La revolución en Yucatán, a principios del siglo XX, fue “maya, socialista y feminista”. Es importante conocerla, pues no tiene parangón en México, y se puede hacer a través de la biografía narrativa Suku’un Felipe: Felipe Carrillo Puerto y la revolución maya de Yucatán, explica su autor, el sociólogo Armando Bartra.

En entrevista sobre el libro editado por el Fondo de Cultura Económica, sostiene que “la revolución en el sureste, en particular en la península de Yucatán, es iluminadora de realidades, posibilidades y utopías que no se daban en otra parte del país. Mirar hacia el sureste no es hacerle un favor. No es un asunto menor: es mayor”.

Bartra refiere que ha sido “un proceso histórico al que se le ha prestado mucha menor atención en la historia de México en los recientes 100 años, porque aparentemente la Revolución aconteció en el Norte y en el Centro. Hay una serie de razones por las cuales se mantiene la opacidad del sureste mexicano sobre todo en este periodo”.

Afirma que “es necesario mirar hacia el sureste, no para no olvidar, sino porque no es marginal ni irrelevante; tampoco un producto de importación esa revolución. Es tan profunda, tan compleja, rica, radical y visionaria como la revolución en el centro del zapatismo, la del norte en el Chihuahua villista o la de Michoacán, más tarde, con Primo Tapia”.

El también profesor explica que “Felipe Carrillo Puerto es un personaje extraordinario. Debiéramos hablar del carrillismo, porque en términos de revolución con un sentido profundo de liberación indígena, es el personaje más preclaro”.

“Si no es inconstitucional, se puede”

Con Emiliano Zapata “no era muy claro el discurso en términos de la reivindicación de la condición originaria para los nahuas, cuya lengua no hablaba. Carrillo Puerto es extremadamente claro en la reivindicación de los derechos autonómicos y territoriales del pueblo maya, a pesar de que no era su origen. Era un hombre blanco, alto y de ojos verdes; hablaba maya desde muy pequeño y sus discursos políticos eran en esa lengua.
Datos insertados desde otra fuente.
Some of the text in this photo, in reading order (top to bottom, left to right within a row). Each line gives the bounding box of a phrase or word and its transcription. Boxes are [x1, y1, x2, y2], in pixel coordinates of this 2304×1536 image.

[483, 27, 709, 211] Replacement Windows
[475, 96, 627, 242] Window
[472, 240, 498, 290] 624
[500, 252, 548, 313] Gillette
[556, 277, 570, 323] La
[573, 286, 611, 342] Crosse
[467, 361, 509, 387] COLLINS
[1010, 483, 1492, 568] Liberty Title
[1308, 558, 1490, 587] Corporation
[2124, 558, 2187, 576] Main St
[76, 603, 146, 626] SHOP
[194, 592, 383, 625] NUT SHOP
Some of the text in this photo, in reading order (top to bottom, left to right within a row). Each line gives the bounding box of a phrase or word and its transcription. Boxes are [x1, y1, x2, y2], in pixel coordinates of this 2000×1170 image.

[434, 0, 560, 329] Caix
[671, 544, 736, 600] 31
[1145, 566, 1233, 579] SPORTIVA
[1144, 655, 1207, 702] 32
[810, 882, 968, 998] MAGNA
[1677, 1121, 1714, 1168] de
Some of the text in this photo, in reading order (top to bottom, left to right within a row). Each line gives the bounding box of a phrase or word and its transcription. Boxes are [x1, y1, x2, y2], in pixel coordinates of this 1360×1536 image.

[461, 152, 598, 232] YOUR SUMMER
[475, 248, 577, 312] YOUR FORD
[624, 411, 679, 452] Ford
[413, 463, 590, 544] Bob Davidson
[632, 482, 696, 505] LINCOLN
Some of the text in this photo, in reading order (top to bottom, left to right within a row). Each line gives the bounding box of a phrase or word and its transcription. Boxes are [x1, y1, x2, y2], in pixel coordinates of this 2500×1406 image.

“La dimensión indígena de la Revolución mexicana está mucho más clara en Yucatán y en la península en general en un personaje como Felipe Carrillo Puerto y en un partido como el Partido Socialista del Sureste, que en ninguna otra parte del país”, indica Bartra.

Otra característica de la revolución en ese estado es el feminismo. “La reivindicación de los derechos de las mujeres, el reconocimiento de que la opresión no solamente es de clase. Los ricos oprimen a los pobres, los blancos, criollos, a los mayas, y también los varones oprimen a las mujeres. Ésta era una realidad de la sociedad oligárquica yucateca y de las comunidades indígenas”.

Armando Bartra refiere que las mujeres en Yucatán “reivindicaron sus derechos y lo hicieron de manera brillante en congresos, en demandas de derechos políticos, ocuparon cargos de elección cuando todavía no las autorizaban expresamente, pelearon por sus derechos sexuales y reproductivos, y crearon organizaciones propias. El socialismo yucateco se adelanta en estas ideas al resto de las izquierdas en todo el país.

“En la segunda década del siglo XX, las mujeres en Yucatán eran votadas y ocupaban cargos de elección popular. El argumento era que la Constitución no dice que podemos votar y ser votadas, pero no lo prohíbe. Si no lo hace entonces podemos ejercer ese derecho y vamos a hacerlo porque no es anticonstitucional. Fueron diputadas, alcaldesas.”

Bartra destaca a una mujer en la biografía: Elvia Carrillo Puerto, La Monja Roja del Mayab. “Una feminista radical que brilló no únicamente en Yucatán, sino en la República Mexicana, se movió en todo el país e incluso en América Latina. Ella empezó a organizar mujeres en Motul antes de que Felipe fuera un personaje político muy visible”.

La fase más radical, continúa el también antropólogo, de “la revolución en Yucatán es de 1917 a 1923. En el 22 y 23, Felipe Carrillo Puerto dice, cuando es gobernador: éste es el primer gobierno socialista de América y socialista maya. Socialista porque la revolución rusa había ocurrido en 1917”.

Se trató, dice Bartra, de “dos revoluciones hermanas en países periféricos, grandes y campesinos; revoluciones populares y bastante prolongadas. Carrillo Puerto se carteó con Lenin y se las arregló para hacer envíos de alimentos y medicinas a la Rusia revolucionaria. Hay intercambio político, aprendizaje mutuo”.